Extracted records

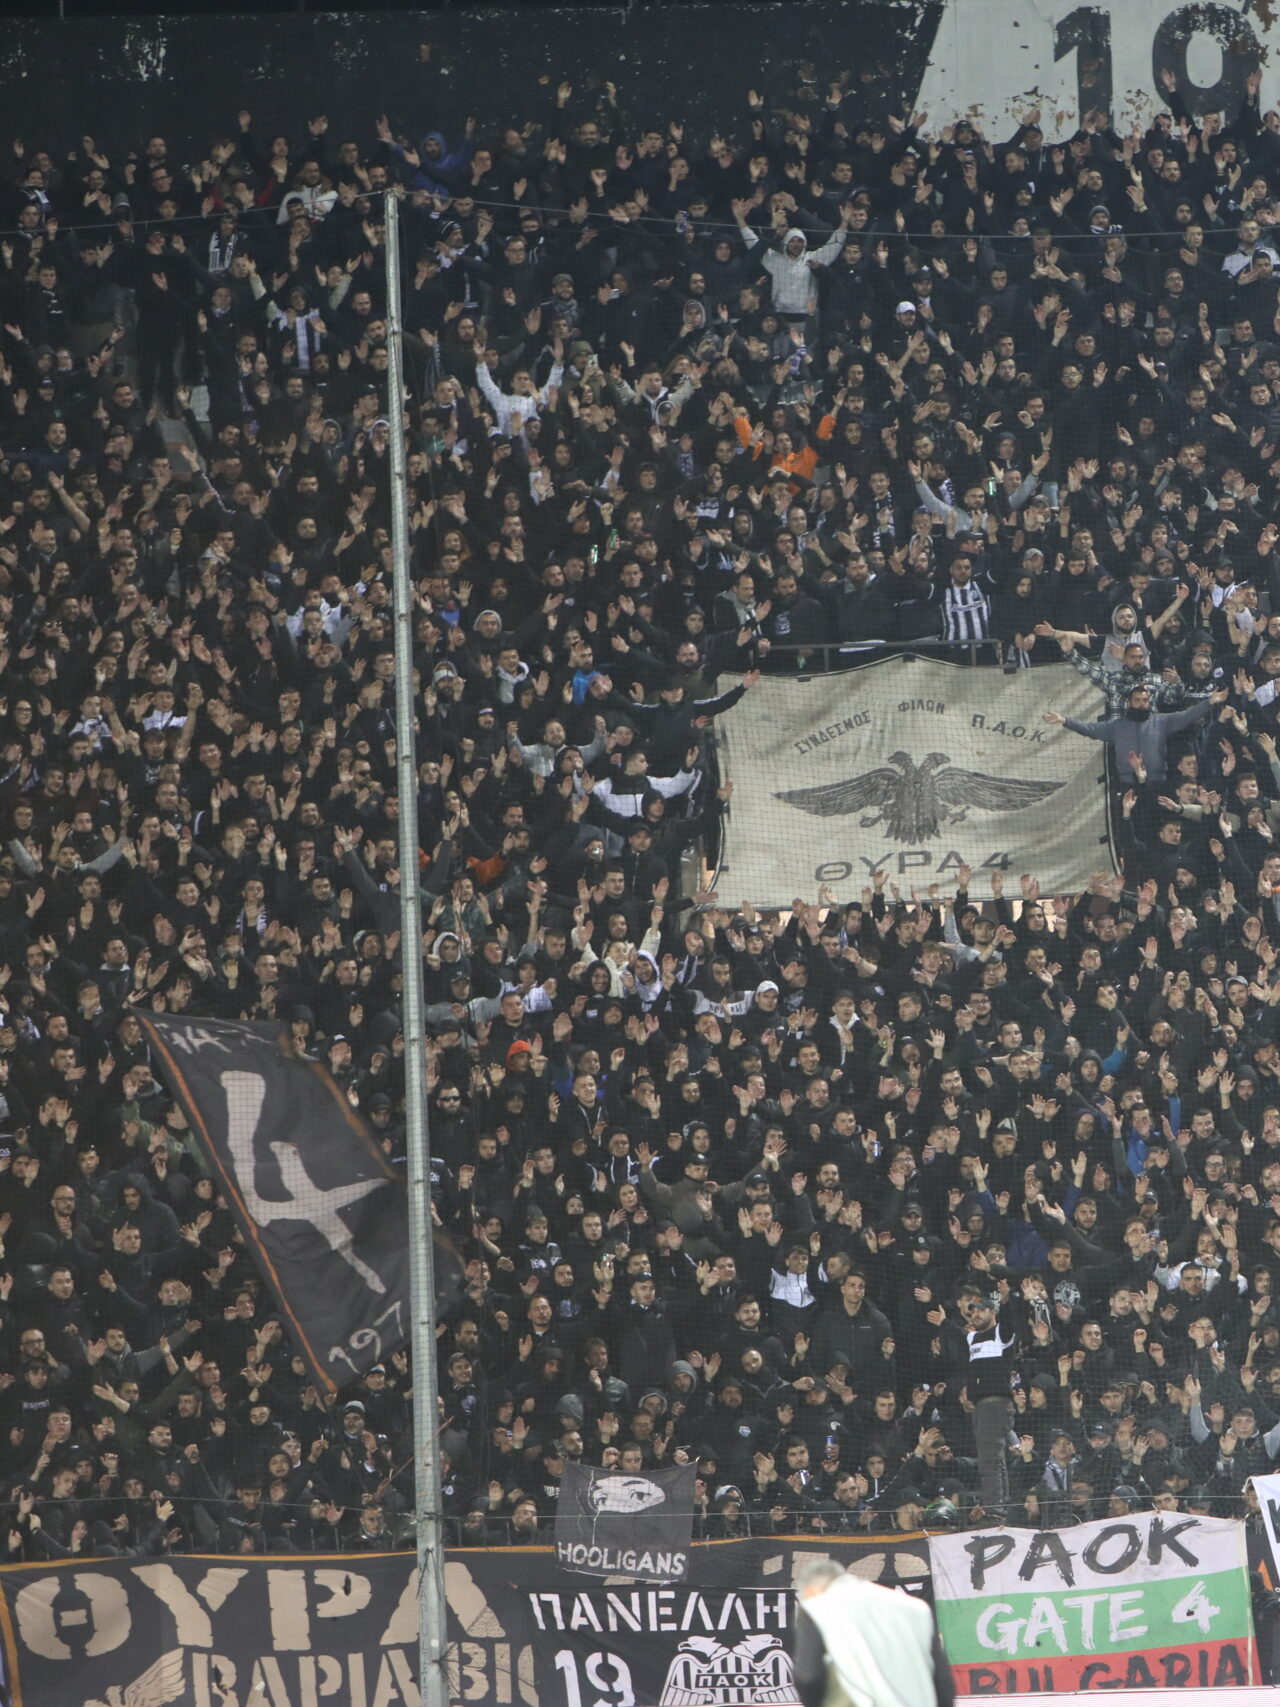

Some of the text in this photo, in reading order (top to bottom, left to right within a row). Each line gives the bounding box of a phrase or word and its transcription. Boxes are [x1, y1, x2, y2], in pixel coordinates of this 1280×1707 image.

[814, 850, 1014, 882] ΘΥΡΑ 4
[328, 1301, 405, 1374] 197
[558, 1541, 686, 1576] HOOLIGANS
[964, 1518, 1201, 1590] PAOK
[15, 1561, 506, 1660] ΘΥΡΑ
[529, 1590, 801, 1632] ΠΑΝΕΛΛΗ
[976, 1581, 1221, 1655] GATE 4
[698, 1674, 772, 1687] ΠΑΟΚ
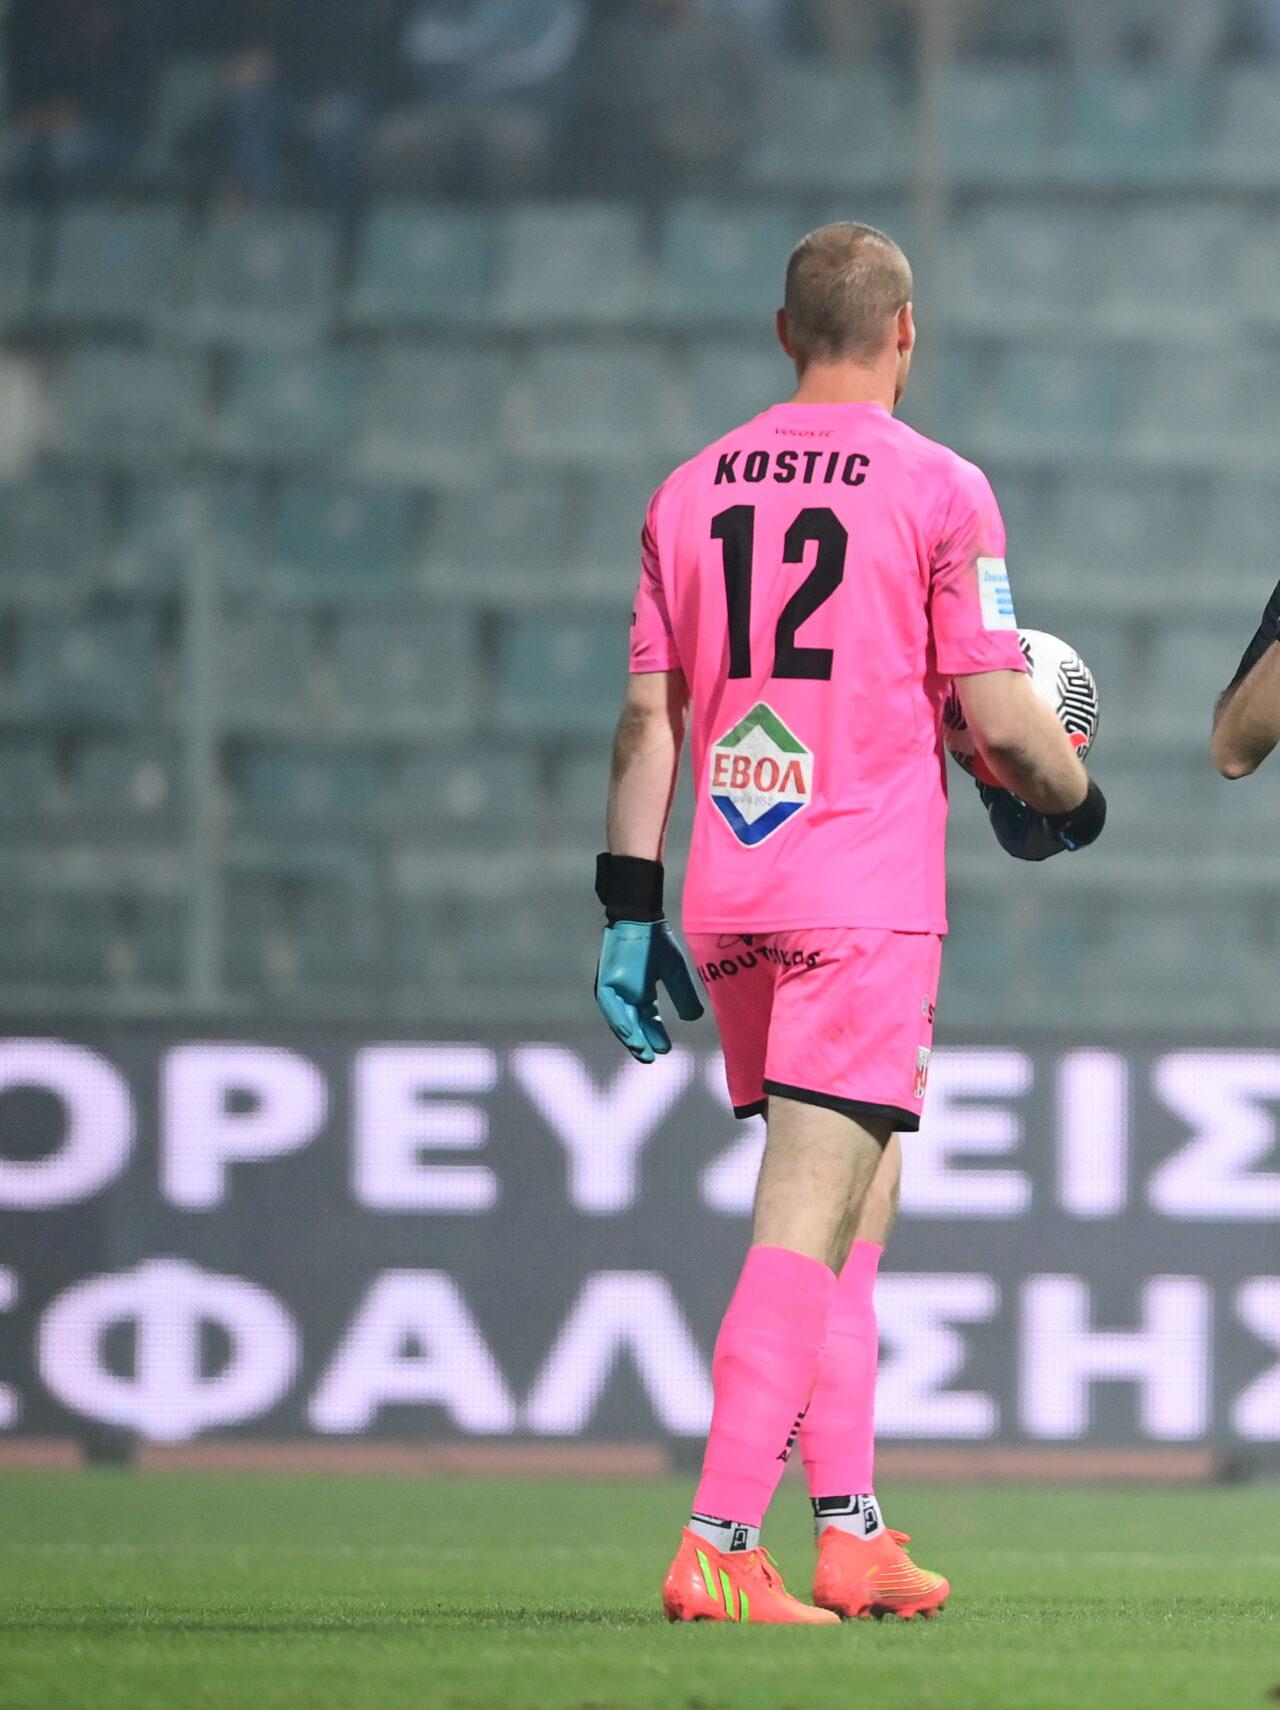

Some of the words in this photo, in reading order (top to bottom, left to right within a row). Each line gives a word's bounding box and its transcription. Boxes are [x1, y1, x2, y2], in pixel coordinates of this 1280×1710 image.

▶ [WHAT YOU SHOULD DO]: All the lines above must be written out exactly, without a single picture.

▶ [RESULT FOR THIS TASK]:
Some of the text in this photo, in reading order (top to bottom, left to right within a row). Each line gives the bounding box of a phrase or word and its transcription. Boxes are [x1, y1, x2, y2], in pixel coordinates of this 1280×1707 image.

[814, 850, 1014, 882] ΘΥΡΑ 4
[328, 1301, 405, 1374] 197
[558, 1541, 686, 1576] HOOLIGANS
[964, 1518, 1201, 1590] PAOK
[15, 1561, 506, 1660] ΘΥΡΑ
[529, 1590, 801, 1632] ΠΑΝΕΛΛΗ
[976, 1581, 1221, 1655] GATE 4
[698, 1674, 772, 1687] ΠΑΟΚ

Some of the words in this photo, in reading order (top to bottom, left to right within a row). Each line gives a word's bounding box and its transcription. Boxes are [x1, y1, x2, y2], in pixel coordinates of this 1280×1710 image.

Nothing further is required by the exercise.